- Task prompt -
Each entry below needs to be reproduced exactly as given.

- Material provided -
· · ·

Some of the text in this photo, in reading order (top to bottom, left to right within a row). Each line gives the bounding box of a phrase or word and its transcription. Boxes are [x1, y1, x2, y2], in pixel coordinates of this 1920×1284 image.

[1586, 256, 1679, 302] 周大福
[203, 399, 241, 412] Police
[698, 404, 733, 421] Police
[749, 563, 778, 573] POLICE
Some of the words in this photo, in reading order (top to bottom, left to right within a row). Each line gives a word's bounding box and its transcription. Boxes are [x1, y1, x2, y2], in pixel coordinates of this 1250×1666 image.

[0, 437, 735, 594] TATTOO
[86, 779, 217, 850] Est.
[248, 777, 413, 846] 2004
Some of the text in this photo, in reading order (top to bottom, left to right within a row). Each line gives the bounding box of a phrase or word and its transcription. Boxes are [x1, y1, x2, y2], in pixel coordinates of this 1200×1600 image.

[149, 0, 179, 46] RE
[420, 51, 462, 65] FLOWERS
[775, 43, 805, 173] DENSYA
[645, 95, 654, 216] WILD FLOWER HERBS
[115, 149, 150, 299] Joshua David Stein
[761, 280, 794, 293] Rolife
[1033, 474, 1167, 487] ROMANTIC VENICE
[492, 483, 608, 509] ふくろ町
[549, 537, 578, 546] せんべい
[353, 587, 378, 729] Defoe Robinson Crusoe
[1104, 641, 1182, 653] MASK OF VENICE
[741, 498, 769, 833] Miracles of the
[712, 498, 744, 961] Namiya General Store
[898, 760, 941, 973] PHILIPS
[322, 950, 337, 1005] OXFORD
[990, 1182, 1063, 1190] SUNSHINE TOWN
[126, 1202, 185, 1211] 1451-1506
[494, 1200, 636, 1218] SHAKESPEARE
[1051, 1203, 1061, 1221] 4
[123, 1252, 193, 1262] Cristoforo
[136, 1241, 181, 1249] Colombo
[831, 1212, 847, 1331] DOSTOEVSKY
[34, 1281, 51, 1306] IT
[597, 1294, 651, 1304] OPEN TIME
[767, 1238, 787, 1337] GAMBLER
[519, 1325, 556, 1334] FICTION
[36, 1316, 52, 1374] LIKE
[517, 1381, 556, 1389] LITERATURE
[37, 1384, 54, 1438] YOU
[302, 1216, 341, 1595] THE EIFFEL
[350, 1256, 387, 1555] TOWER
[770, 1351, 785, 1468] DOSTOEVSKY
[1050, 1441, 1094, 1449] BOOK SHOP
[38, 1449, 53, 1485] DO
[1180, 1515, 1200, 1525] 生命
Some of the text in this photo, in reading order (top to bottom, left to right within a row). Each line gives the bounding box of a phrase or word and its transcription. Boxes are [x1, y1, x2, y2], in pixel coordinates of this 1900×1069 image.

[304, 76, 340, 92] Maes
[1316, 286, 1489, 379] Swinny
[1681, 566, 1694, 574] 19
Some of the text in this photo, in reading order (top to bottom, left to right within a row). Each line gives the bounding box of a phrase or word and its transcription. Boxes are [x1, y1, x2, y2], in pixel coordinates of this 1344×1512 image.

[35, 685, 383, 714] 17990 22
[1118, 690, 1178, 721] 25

· · ·

- Completed exercise -
Some of the text in this photo, in reading order (top to bottom, left to right within a row). Each line gives the bounding box of a phrase or word and its transcription. Boxes are [x1, y1, x2, y2], in pixel coordinates of this 1920×1284 image.

[1586, 256, 1679, 302] 周大福
[203, 399, 241, 412] Police
[698, 404, 733, 421] Police
[749, 563, 778, 573] POLICE
Some of the words in this photo, in reading order (top to bottom, left to right within a row). Each line gives a word's bounding box and its transcription. Boxes are [x1, y1, x2, y2], in pixel coordinates of this 1250×1666 image.

[0, 437, 735, 594] TATTOO
[86, 779, 217, 850] Est.
[248, 777, 413, 846] 2004
Some of the text in this photo, in reading order (top to bottom, left to right within a row). Each line gives the bounding box of a phrase or word and its transcription. Boxes are [x1, y1, x2, y2], in pixel coordinates of this 1200×1600 image.

[149, 0, 179, 46] RE
[420, 51, 462, 65] FLOWERS
[775, 43, 805, 173] DENSYA
[645, 95, 654, 216] WILD FLOWER HERBS
[115, 149, 150, 299] Joshua David Stein
[761, 280, 794, 293] Rolife
[1033, 474, 1167, 487] ROMANTIC VENICE
[492, 483, 608, 509] ふくろ町
[549, 537, 578, 546] せんべい
[353, 587, 378, 729] Defoe Robinson Crusoe
[1104, 641, 1182, 653] MASK OF VENICE
[741, 498, 769, 833] Miracles of the
[712, 498, 744, 961] Namiya General Store
[898, 760, 941, 973] PHILIPS
[322, 950, 337, 1005] OXFORD
[990, 1182, 1063, 1190] SUNSHINE TOWN
[126, 1202, 185, 1211] 1451-1506
[494, 1200, 636, 1218] SHAKESPEARE
[1051, 1203, 1061, 1221] 4
[123, 1252, 193, 1262] Cristoforo
[136, 1241, 181, 1249] Colombo
[831, 1212, 847, 1331] DOSTOEVSKY
[34, 1281, 51, 1306] IT
[597, 1294, 651, 1304] OPEN TIME
[767, 1238, 787, 1337] GAMBLER
[519, 1325, 556, 1334] FICTION
[36, 1316, 52, 1374] LIKE
[517, 1381, 556, 1389] LITERATURE
[37, 1384, 54, 1438] YOU
[302, 1216, 341, 1595] THE EIFFEL
[350, 1256, 387, 1555] TOWER
[770, 1351, 785, 1468] DOSTOEVSKY
[1050, 1441, 1094, 1449] BOOK SHOP
[38, 1449, 53, 1485] DO
[1180, 1515, 1200, 1525] 生命
Some of the text in this photo, in reading order (top to bottom, left to right within a row). Each line gives the bounding box of a phrase or word and its transcription. Boxes are [x1, y1, x2, y2], in pixel coordinates of this 1900×1069 image.

[304, 76, 340, 92] Maes
[1316, 286, 1489, 379] Swinny
[1681, 566, 1694, 574] 19
Some of the text in this photo, in reading order (top to bottom, left to right within a row). Each line gives the bounding box of a phrase or word and its transcription. Boxes are [x1, y1, x2, y2], in pixel coordinates of this 1344×1512 image.

[35, 685, 383, 714] 17990 22
[1118, 690, 1178, 721] 25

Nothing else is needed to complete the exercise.